Bruits (vidéo), 1993, Absalon, © Collection Capc Musée d'art contemporain de Bordeaux / © The Estate Absalon
Portraits Art contemporain

De Meir Eshel à Absalon

L'art comme programme de vie

Alors que la société de consommation bat son plein dans les années 1990, un jeune artiste nommé Absalon préconise d’habiter dans des cabines de moins d’une dizaine de mètres carrés. Meir Eshel, de son vrai nom, a su faire de son art un programme de vie, dont la pertinence n’a pas pris une ride. 
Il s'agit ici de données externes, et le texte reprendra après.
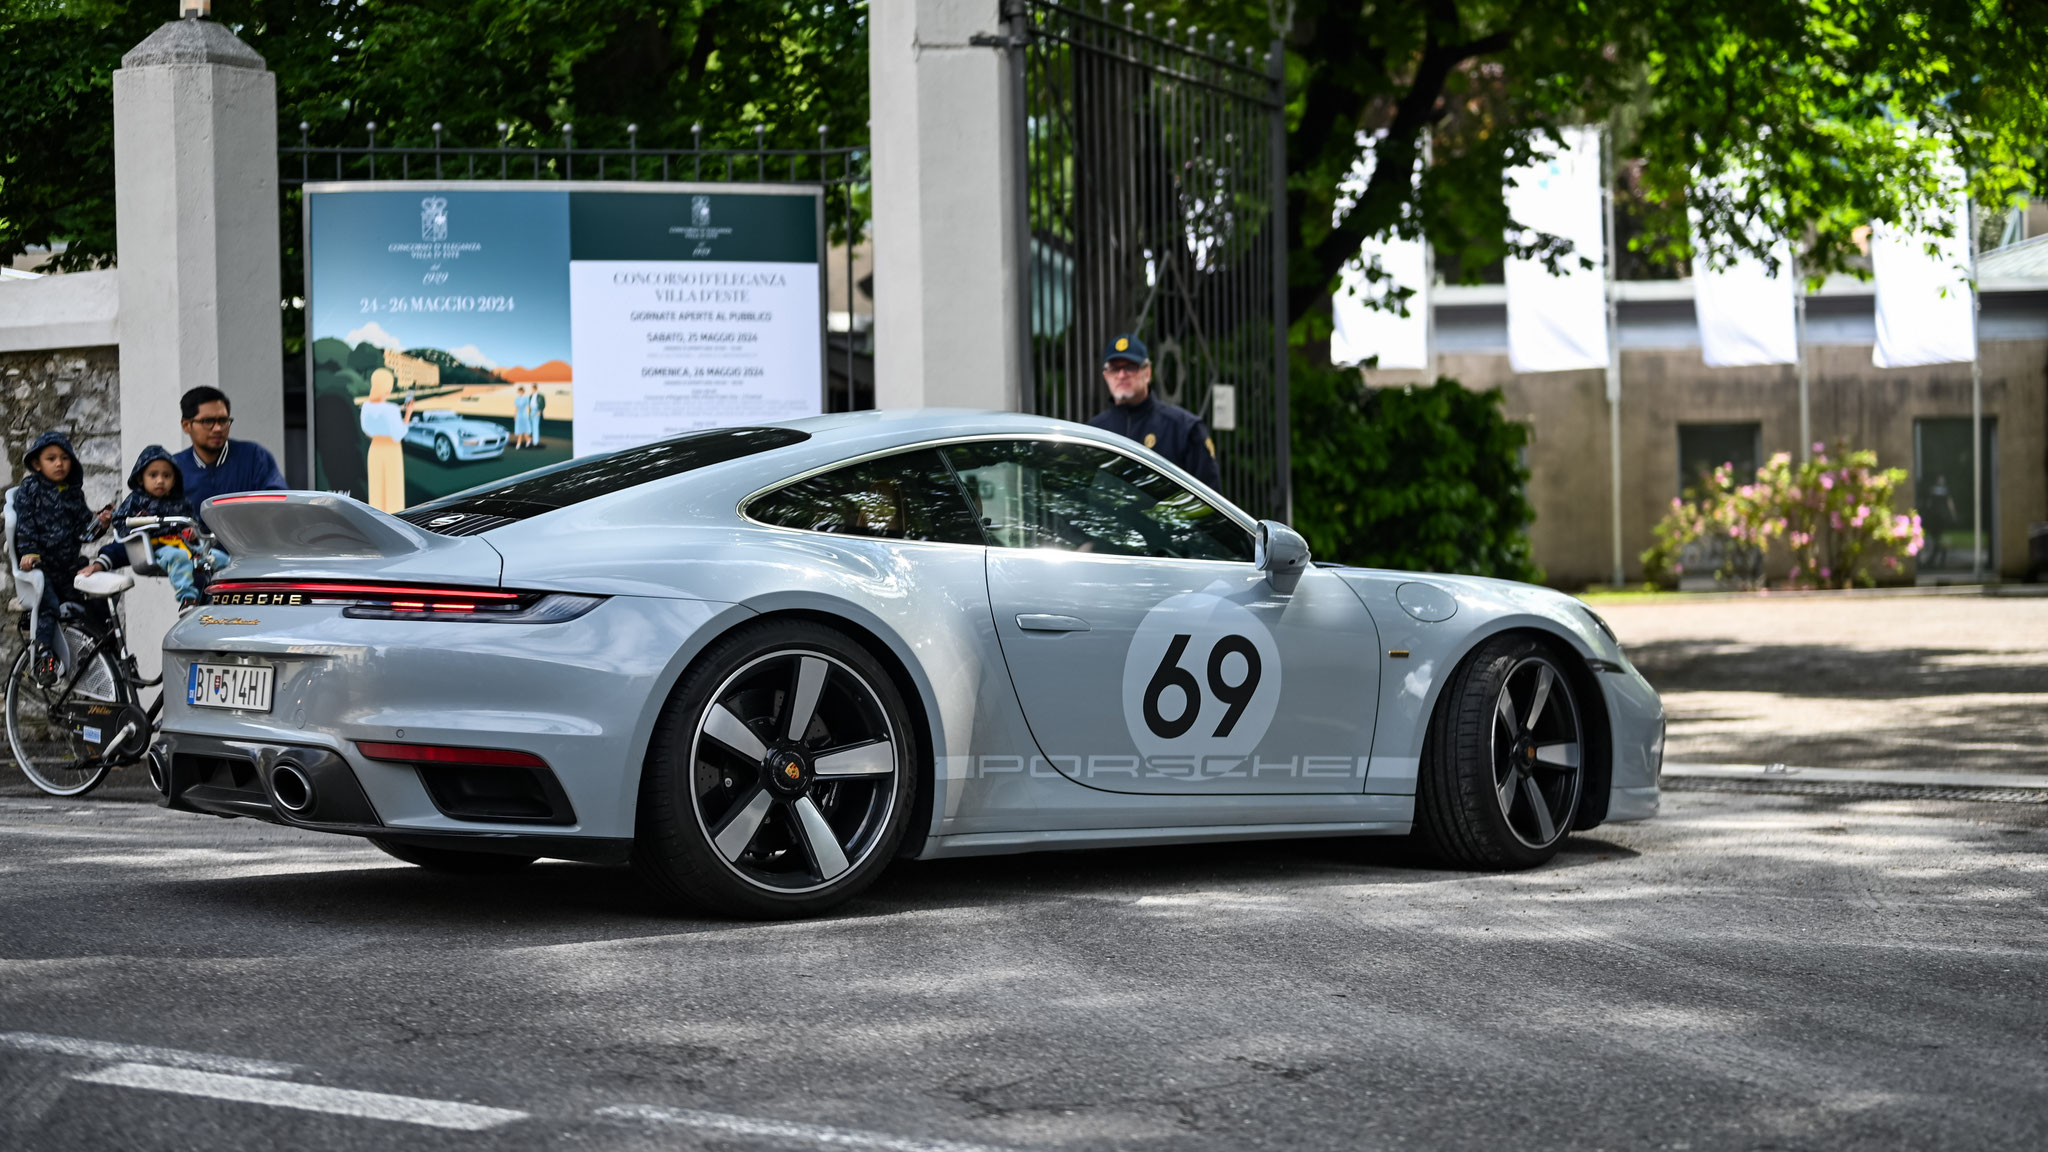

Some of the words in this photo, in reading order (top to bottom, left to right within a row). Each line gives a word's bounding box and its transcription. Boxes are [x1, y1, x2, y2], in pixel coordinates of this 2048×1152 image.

Par Alexandre Parodi publié le 27 déc. 2021

Une chemise blanche, un pantalon de costume, des chaussures en cuir, des cheveux précocement ras : seul son visage d’« ange », comme le décrit l’auteure Elisabeth Lebovici, dément cette sobriété d’apparat qui le ferait presque passer pour un moine. Une allure qui en dit long sur le jeune homme qui n’avait pas atteint la trentaine mais se rêvait déjà en ascète. Son principal projet artistique était de s’installer dans ses Cellules construites par ses soins, sorte de cabanons miniatures à la blancheur clinique, d’une hauteur de 2,5 m pour une dizaine de mètres carré au sol. Difficile d’imaginer que Meir Eshel ait conçu ces habitations étriquées à ses dimensions, lui qui mesurait 1,90 m. Il doit se baisser pour y entrer, touche les murs quand il écarte les bras, se cogne quand il se met au lit… « C’est un petit peu comme dans les religions, c’est d’avoir toute une série de contraintes qui nous permet d’atteindre quelque chose de plus fort, de plus dense » explique-il dans une conférence donnée aux Beaux-Arts de Paris en 1993.
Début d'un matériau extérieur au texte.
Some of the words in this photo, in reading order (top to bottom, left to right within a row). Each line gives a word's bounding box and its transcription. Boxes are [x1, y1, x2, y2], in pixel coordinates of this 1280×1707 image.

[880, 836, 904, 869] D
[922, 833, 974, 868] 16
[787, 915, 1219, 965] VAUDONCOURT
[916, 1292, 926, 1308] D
Comme les rituels religieux donc, la pratique d’Absalon doit le changer, le modifier, le convertir voire le sauver. Le moment où il devient artiste correspond à un changement de vie très concret : il quitte Israël, le pays où il a grandi, après avoir démissionné d’un service militaire traumatisant, marqué par le conflit avec le Liban. Il trouve ensuite refuge chez son oncle parisien, le critique d’art Jacques Ohayon, en 1987 : « Il n’avait aucune idée de ce qu’il allait faire ni de comment il allait se débrouiller. Il commençait à peine à se pencher sur l’histoire de l’art grâce à l’énorme bibliothèque de son oncle. En parallèle il faisait des chantiers pour gagner sa vie » relate son ancienne compagne, Marie-Ange Guilleminot. Toujours très pudique à propos de ce passé dont il veut tourner la page, Meir Eshel, 22 ans, se fait désormais appeler Absalon. Dans la foulée de ce nouveau départ, il s’inscrit aux Beaux-Arts de Paris, dans l’atelier d’un certain Christian Boltanski. On raconte qu’Absalon ne connaissait alors de l’art que le nom de Picasso. Six ans plus tard, le néophyte est consacré par une exposition monographique au Musée d’art moderne de la Ville de Paris… Absalon se distingue alors de l’atmosphère artistique post-moderniste des années 1990 par un engagement aussi intime que frontal dans son travail. « Il n’y a aucune ironie chez Absalon. Il était très croyant dans la capacité transformatrice de l’art, il voulait l’utiliser pour changer les règles de sa vie », observe François Piron, co-commissaire de l’exposition Absalon Absalon, au Capc de Bordeaux, dans laquelle les Cellules peuvent se visiter. 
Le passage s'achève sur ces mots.